Le rôle de l’égalité et de l’indépendance
Benoît Laplante et Ana Fostik se concentrent sur le rôle de l’indépendance économique des femmes et de l’égalité dans le couple dans le choix entre le mariage et l’union de fait. Comme le débat se fait beaucoup en opposant le Québec, où les conjoints de fait sont libres d’organiser leurs relations économiques comme ils l’entendent, et le reste du Canada, où la loi les encadre à peu près comme elle encadre celles des époux, ils organisent leur étude sous la forme d’une comparaison entre le Québec et l’Ontario dont ils supposent qu’il peut servir à représenter le Canada anglais pour leurs fins.

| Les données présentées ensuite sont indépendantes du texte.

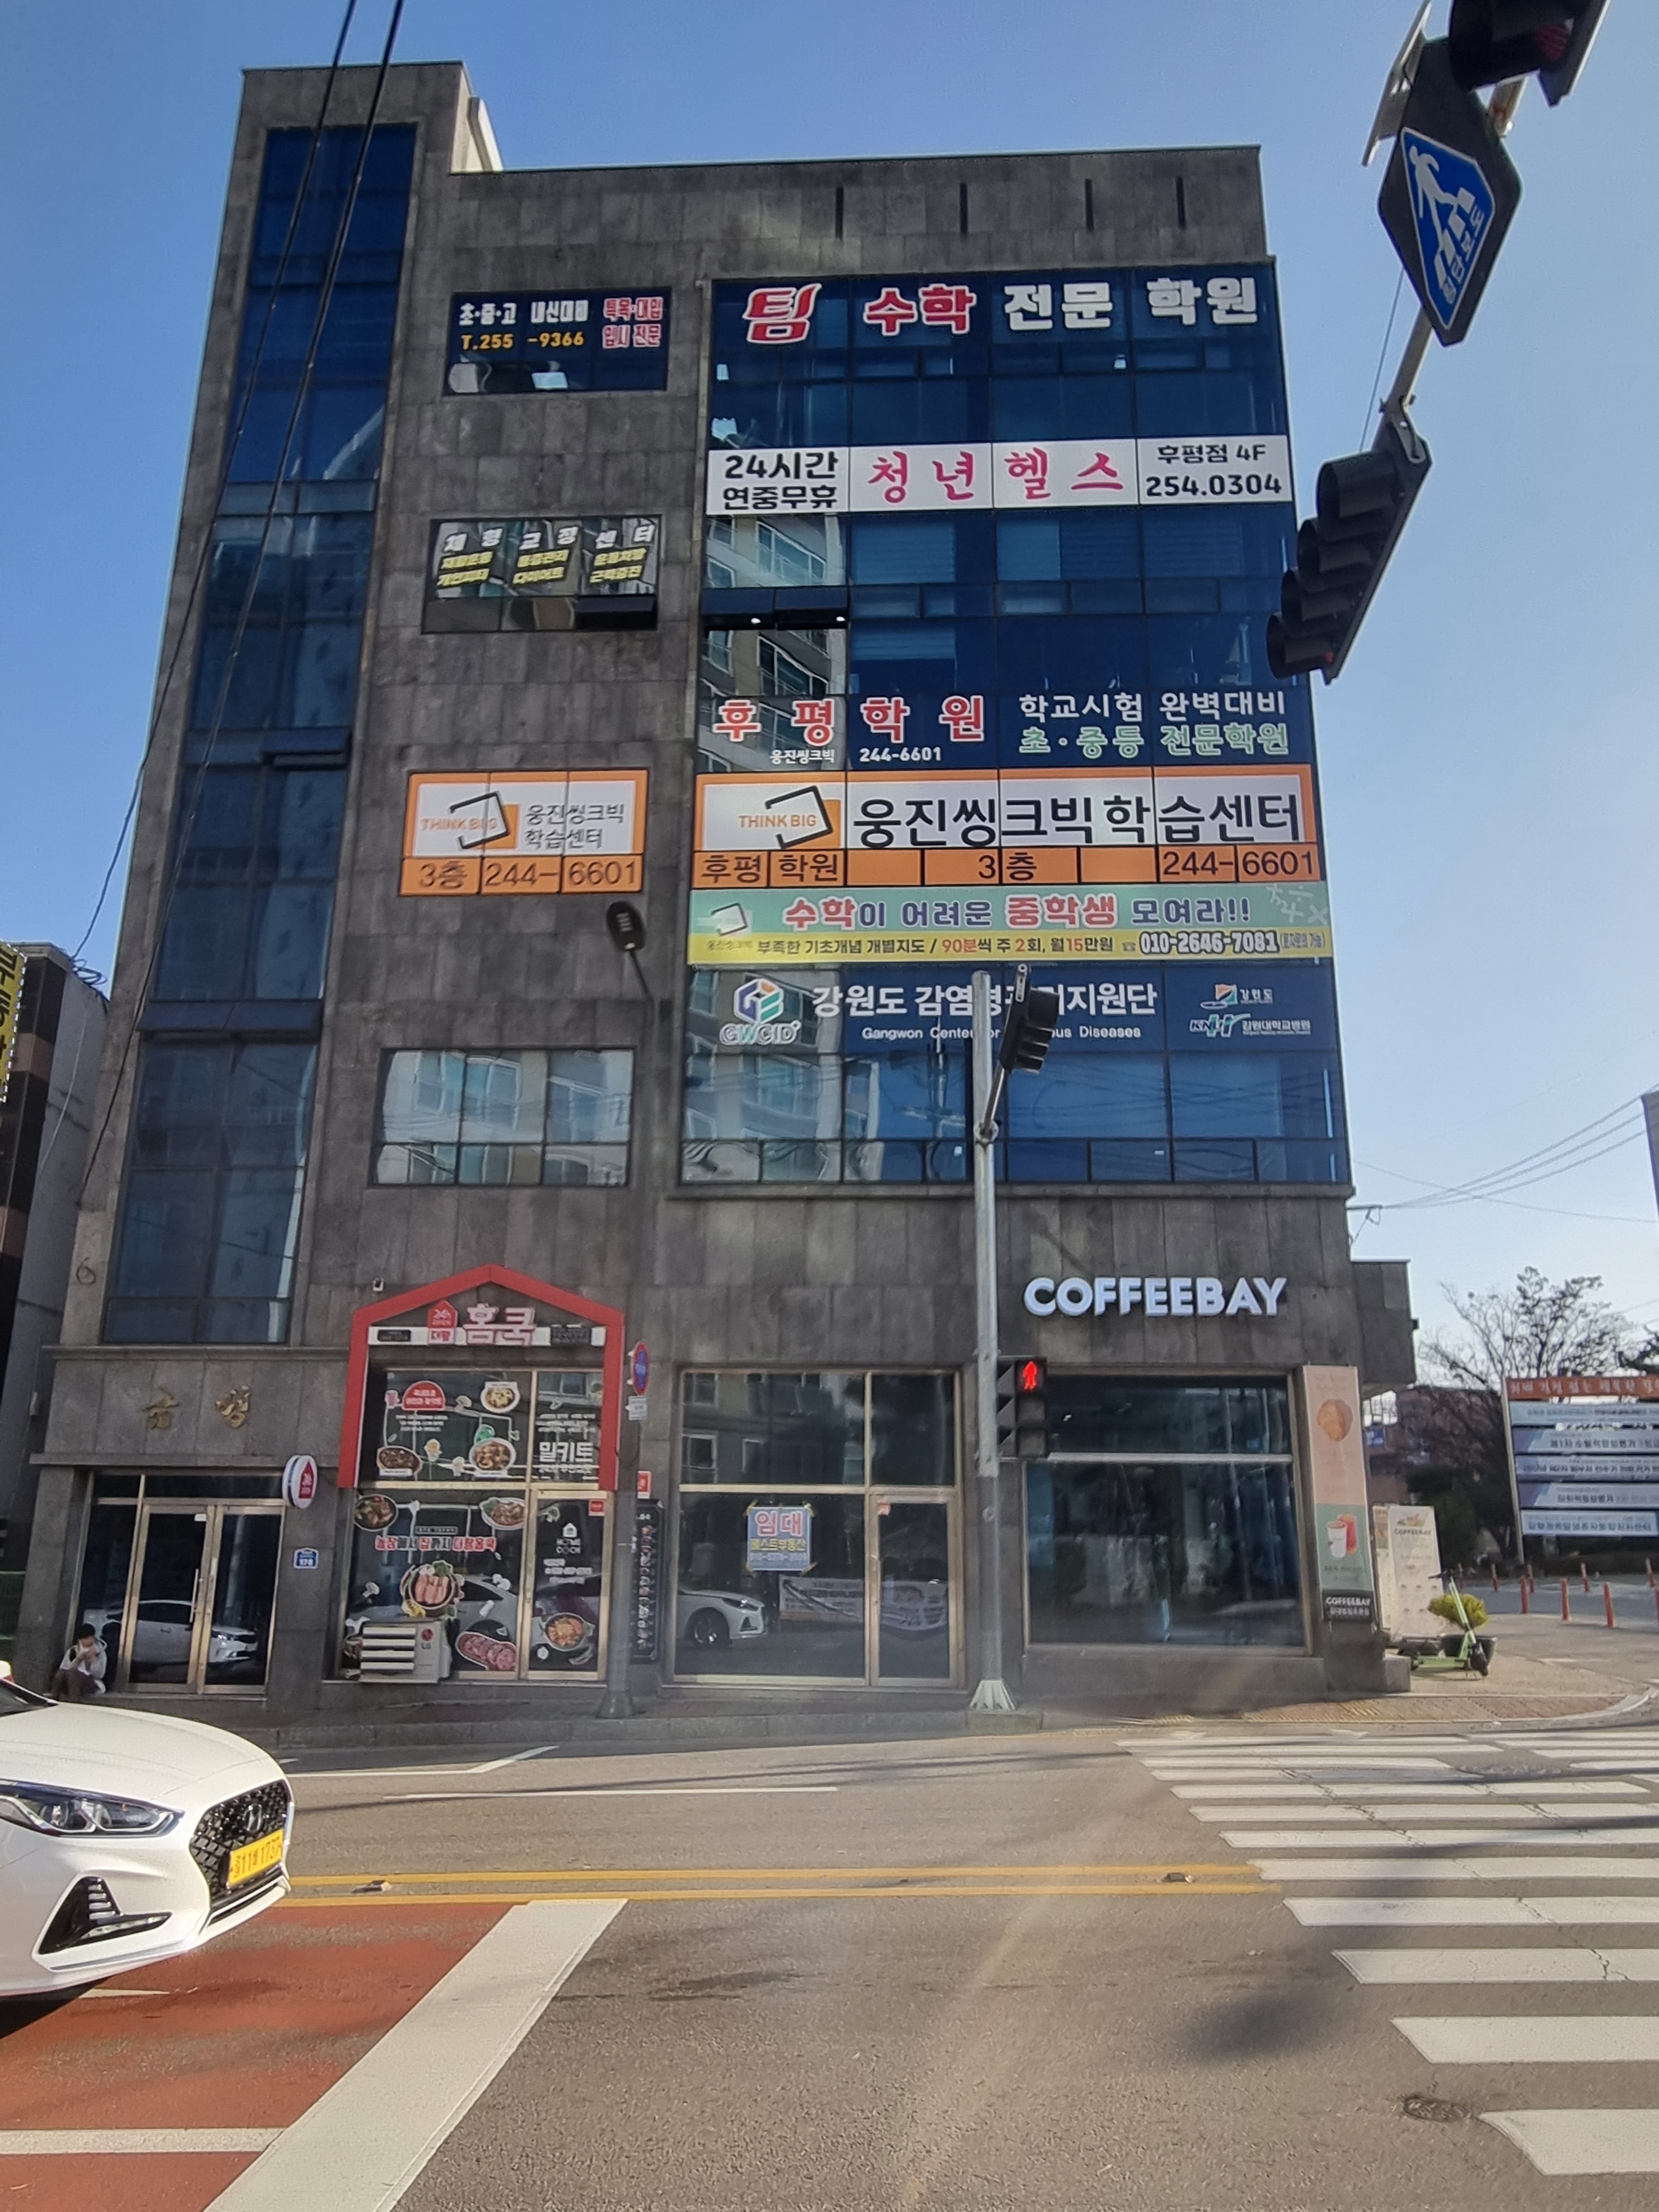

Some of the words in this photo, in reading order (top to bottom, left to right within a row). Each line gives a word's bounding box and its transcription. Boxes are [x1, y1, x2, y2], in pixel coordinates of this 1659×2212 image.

Le Canada fait partie des pays où le droit fait en sorte que les enfants et les familles sont traités de la même manière par l’État et par les tiers, peu importe que les parents soient mariés ou non. Le droit fait également en sorte qu’il existe peu de différence entre les couples mariés et les couples en union de fait en matière de droit social, de droit fiscal et de relations avec les tiers comme les caisses de retraite. Au Canada anglais, on a eu la volonté de rapprocher les relations économiques entre conjoints de fait et entre époux en imposant aux conjoints de fait qui se séparent, les règles du partage des biens et de l’obligation alimentaire qui régissent le divorce — au moins jusqu’à un certain point et pas exactement de la même manière dans toutes les provinces. Au Québec, on retrouve au contraire une différence radicale entre le mariage et l’union de fait qui se ramène pour l’essentiel à la manière dont le droit règle les relations économiques entre les conjoints au divorce des époux et à la séparation des conjoints de fait. Les époux doivent partager le patrimoine familial et l’époux le moins fortuné peut demander au tribunal d’imposer à son ex-époux de lui verser une pension alimentaire. Au contraire, le droit québécois laisse aux conjoints de fait l’entière responsabilité de régler ces questions entre eux. Les auteurs résument les circonstances dans lesquelles cette différence radicale entre le mariage et l’union de fait s’est installée au Québec. Ils insistent sur le rôle central qu’a joué à partir des années 1970 l’opposition entre, d’une part, le mariage conçu comme mécanisme de protection économique du conjoint le moins favorisé adapté au couple traditionnel formé d’un père-pourvoyeur et d’une femme au foyer économiquement dépendante qui s’acquitte de ses obligations principalement par le travail domestique, et, d’autre part, l’union de fait adaptée au couple moderne formé de deux individus économiquement indépendants capables chacun de gagner sa vie et de contribuer par son revenu aux dépenses de son ménage et à l’entretien de ses enfants.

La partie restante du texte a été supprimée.